Things You'll Need
Chisel and claw hammer (optional)
Use a chisel and a claw hammer if you don't have a brick hammer.
Wear protective gloves to prevent the dilute muriatic solution from burning your skin.
Wear safety goggles to protect your eyes from mortar chips.
Wear a respirator to prevent the inhalation of mortar dust.
Reusing old brick is an ecologically friendly way to conserve energy and help the planet. The reuse of old brick reduces the environmental costs of new brick manufacture and old brick disposal. Unlike recycling, the reuse of a product means to use it again for the purpose of its manufacture. To reuse old brick you need to make sure it is fit-for-purpose, using a procedure to help you determine the outcome for the old bricks.
Sort the old bricks into piles to determine the quantity of reusable bricks you have. Use one pile for full-size and sound bricks; one pile for full-size but chipped bricks; one pile for half bricks that are structurally sound but broken, and one pile for small brick pieces and brick chips.
Check how many structurally sound bricks you have to determine if you have enough for a reuse project you want to do. Decide on a semi-hidden project if you have a lot of chipped bricks, such as building a low wall to create a garden border. Your planting will overhang the less aesthetically pleasing bricks. Decide if you have enough sound bricks to create an on-show project such as building a permanent barbecue.
Wet the old brick that you want to use for your project, using a garden hose. Fill a bucket half-full with water. Fill a second bucket half full with a solution of one part muriatic acid to 20 parts water.
Use the wide end of a brick hammer to knock large chunks of mortar off the old brick. Use the narrow end of the brick hammer to scrape off smaller mortar pieces. Place the brick in the bucket of diluted muriatic acid for up to 5 minutes to chemically dissolve the mortar bond.

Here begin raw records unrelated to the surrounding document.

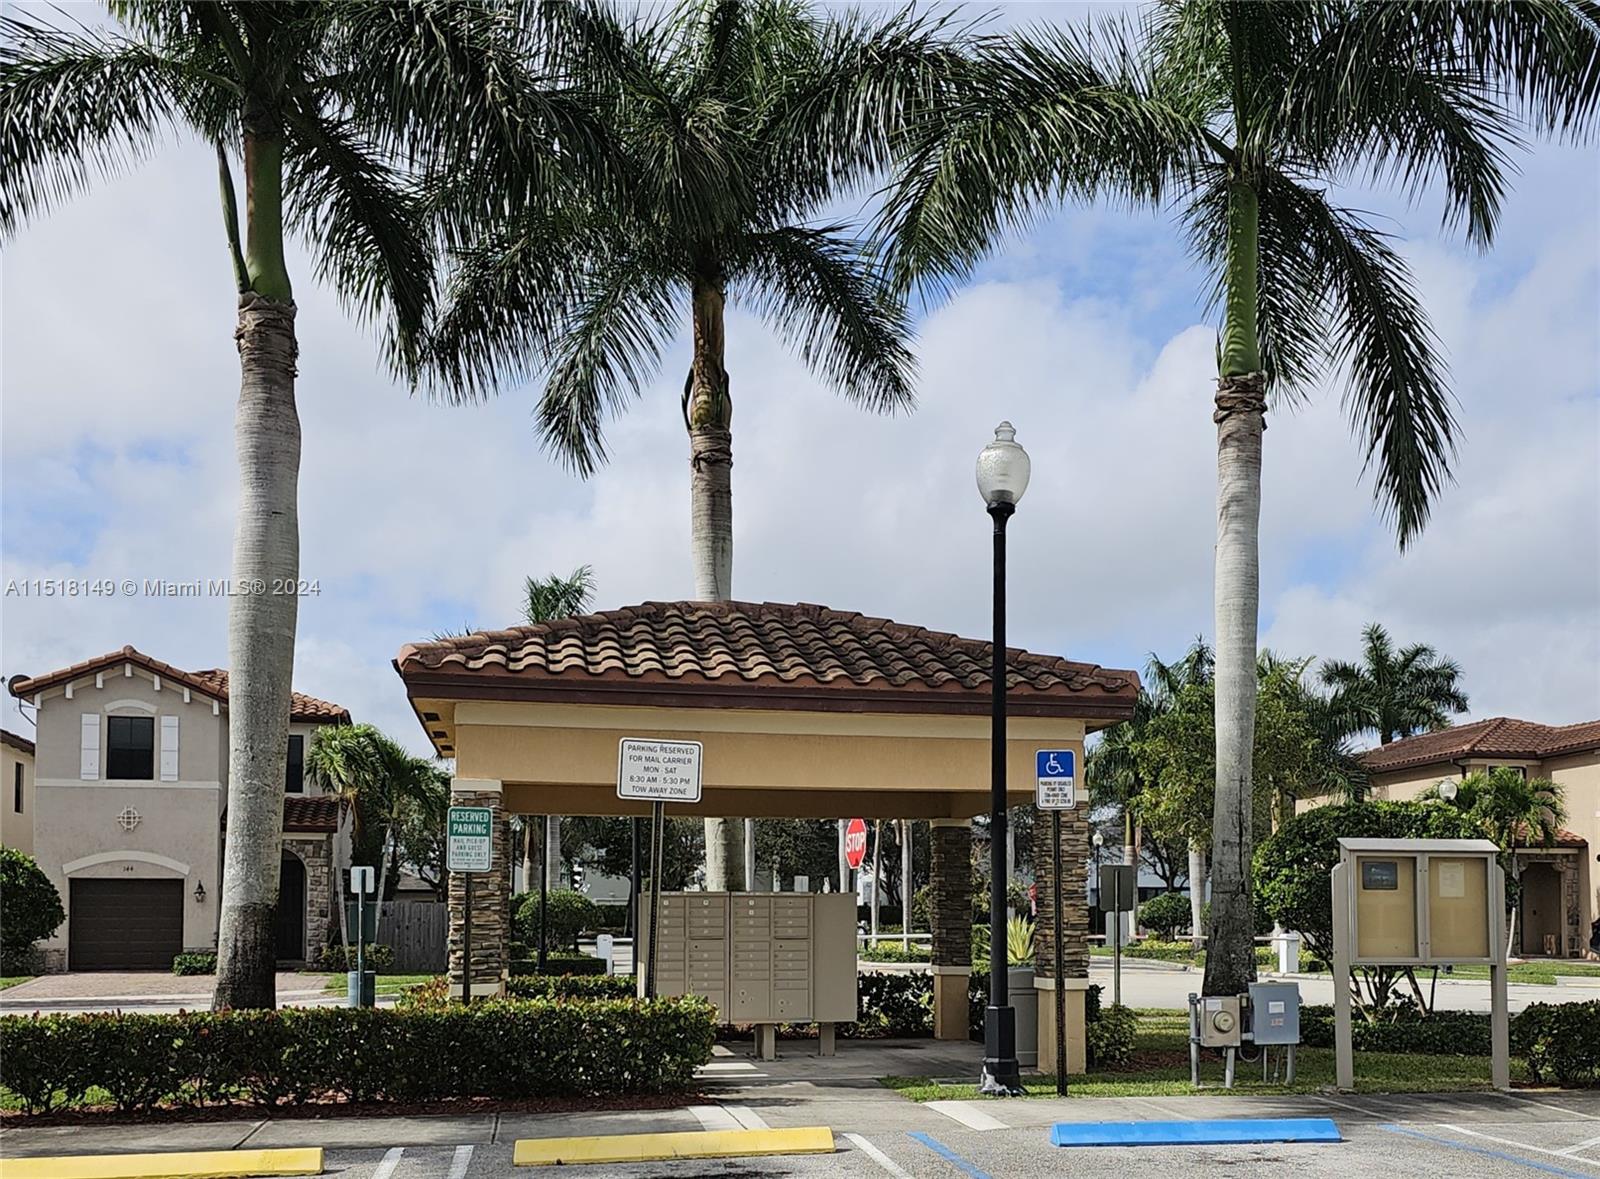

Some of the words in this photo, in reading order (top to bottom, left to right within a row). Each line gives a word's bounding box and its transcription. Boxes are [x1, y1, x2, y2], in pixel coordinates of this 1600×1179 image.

[627, 744, 658, 753] PARKING
[659, 746, 695, 755] RESERVED
[662, 757, 692, 765] CARRIER
[451, 811, 489, 822] RESERVED
[452, 824, 487, 834] PARKING
[847, 832, 865, 852] STOP

Put the soaked brick into the water bucket and use a scrubbing brush to vigorously clean the mortar residue from the brick. Rinse the brick with a garden hose and allow it to dry. Repeat the mortar removal and brick cleaning procedure for each old brick to make it fit for reuse.
Build your project reusing the prepared old brick. Reuse broken half bricks for end gaps in a staggered wall and chipped bricks in areas not on show. Recycle the pile of small brick pieces and chips for use as aggregate in paving projects or for planter drainage.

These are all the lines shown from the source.